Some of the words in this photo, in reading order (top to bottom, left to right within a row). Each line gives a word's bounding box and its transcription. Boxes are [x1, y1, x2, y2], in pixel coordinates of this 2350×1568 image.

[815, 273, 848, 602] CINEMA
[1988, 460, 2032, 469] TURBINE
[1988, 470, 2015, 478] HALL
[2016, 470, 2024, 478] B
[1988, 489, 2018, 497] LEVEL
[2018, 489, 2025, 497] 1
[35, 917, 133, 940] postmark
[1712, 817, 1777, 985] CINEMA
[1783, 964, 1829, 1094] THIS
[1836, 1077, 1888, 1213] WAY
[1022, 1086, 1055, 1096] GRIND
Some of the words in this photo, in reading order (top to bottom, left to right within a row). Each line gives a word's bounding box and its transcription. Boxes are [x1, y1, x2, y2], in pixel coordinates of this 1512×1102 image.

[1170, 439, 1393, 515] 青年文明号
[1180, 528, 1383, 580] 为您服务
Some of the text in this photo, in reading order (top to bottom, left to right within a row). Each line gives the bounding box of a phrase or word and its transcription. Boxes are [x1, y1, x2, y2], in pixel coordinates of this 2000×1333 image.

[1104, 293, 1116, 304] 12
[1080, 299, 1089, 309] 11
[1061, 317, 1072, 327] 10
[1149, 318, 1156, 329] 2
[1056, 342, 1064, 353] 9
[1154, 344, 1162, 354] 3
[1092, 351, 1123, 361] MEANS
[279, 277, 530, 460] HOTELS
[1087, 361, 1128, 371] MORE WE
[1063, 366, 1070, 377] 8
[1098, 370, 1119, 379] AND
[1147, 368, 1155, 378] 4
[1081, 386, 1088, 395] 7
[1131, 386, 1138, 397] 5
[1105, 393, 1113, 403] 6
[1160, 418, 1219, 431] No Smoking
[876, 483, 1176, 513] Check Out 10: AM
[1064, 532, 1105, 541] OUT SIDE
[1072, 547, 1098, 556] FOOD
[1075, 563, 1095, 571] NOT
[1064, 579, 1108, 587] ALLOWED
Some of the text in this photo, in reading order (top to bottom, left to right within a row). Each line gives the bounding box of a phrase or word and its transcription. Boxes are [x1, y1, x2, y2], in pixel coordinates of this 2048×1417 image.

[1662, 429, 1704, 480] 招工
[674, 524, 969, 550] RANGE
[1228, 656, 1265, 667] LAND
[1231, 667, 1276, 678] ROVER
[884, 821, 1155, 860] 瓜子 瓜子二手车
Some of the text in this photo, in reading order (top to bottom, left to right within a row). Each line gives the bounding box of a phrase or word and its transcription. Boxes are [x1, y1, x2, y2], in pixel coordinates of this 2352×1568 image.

+---+

- ACTIVITY -
Transcribe the whole listing with every word preserved.

- ANSWER FOR THE TASK -
Some of the words in this photo, in reading order (top to bottom, left to right within a row). Each line gives a word's bounding box and its transcription. Boxes are [x1, y1, x2, y2], in pixel coordinates of this 2350×1568 image.

[815, 273, 848, 602] CINEMA
[1988, 460, 2032, 469] TURBINE
[1988, 470, 2015, 478] HALL
[2016, 470, 2024, 478] B
[1988, 489, 2018, 497] LEVEL
[2018, 489, 2025, 497] 1
[35, 917, 133, 940] postmark
[1712, 817, 1777, 985] CINEMA
[1783, 964, 1829, 1094] THIS
[1836, 1077, 1888, 1213] WAY
[1022, 1086, 1055, 1096] GRIND
Some of the words in this photo, in reading order (top to bottom, left to right within a row). Each line gives a word's bounding box and its transcription. Boxes are [x1, y1, x2, y2], in pixel coordinates of this 1512×1102 image.

[1170, 439, 1393, 515] 青年文明号
[1180, 528, 1383, 580] 为您服务
Some of the text in this photo, in reading order (top to bottom, left to right within a row). Each line gives the bounding box of a phrase or word and its transcription. Boxes are [x1, y1, x2, y2], in pixel coordinates of this 2000×1333 image.

[1104, 293, 1116, 304] 12
[1080, 299, 1089, 309] 11
[1061, 317, 1072, 327] 10
[1149, 318, 1156, 329] 2
[1056, 342, 1064, 353] 9
[1154, 344, 1162, 354] 3
[1092, 351, 1123, 361] MEANS
[279, 277, 530, 460] HOTELS
[1087, 361, 1128, 371] MORE WE
[1063, 366, 1070, 377] 8
[1098, 370, 1119, 379] AND
[1147, 368, 1155, 378] 4
[1081, 386, 1088, 395] 7
[1131, 386, 1138, 397] 5
[1105, 393, 1113, 403] 6
[1160, 418, 1219, 431] No Smoking
[876, 483, 1176, 513] Check Out 10: AM
[1064, 532, 1105, 541] OUT SIDE
[1072, 547, 1098, 556] FOOD
[1075, 563, 1095, 571] NOT
[1064, 579, 1108, 587] ALLOWED
Some of the text in this photo, in reading order (top to bottom, left to right within a row). Each line gives the bounding box of a phrase or word and its transcription. Boxes are [x1, y1, x2, y2], in pixel coordinates of this 2048×1417 image.

[1662, 429, 1704, 480] 招工
[674, 524, 969, 550] RANGE
[1228, 656, 1265, 667] LAND
[1231, 667, 1276, 678] ROVER
[884, 821, 1155, 860] 瓜子 瓜子二手车
Some of the text in this photo, in reading order (top to bottom, left to right within a row). Each line gives the bounding box of a phrase or word and its transcription. Boxes are [x1, y1, x2, y2], in pixel coordinates of this 2352×1568 image.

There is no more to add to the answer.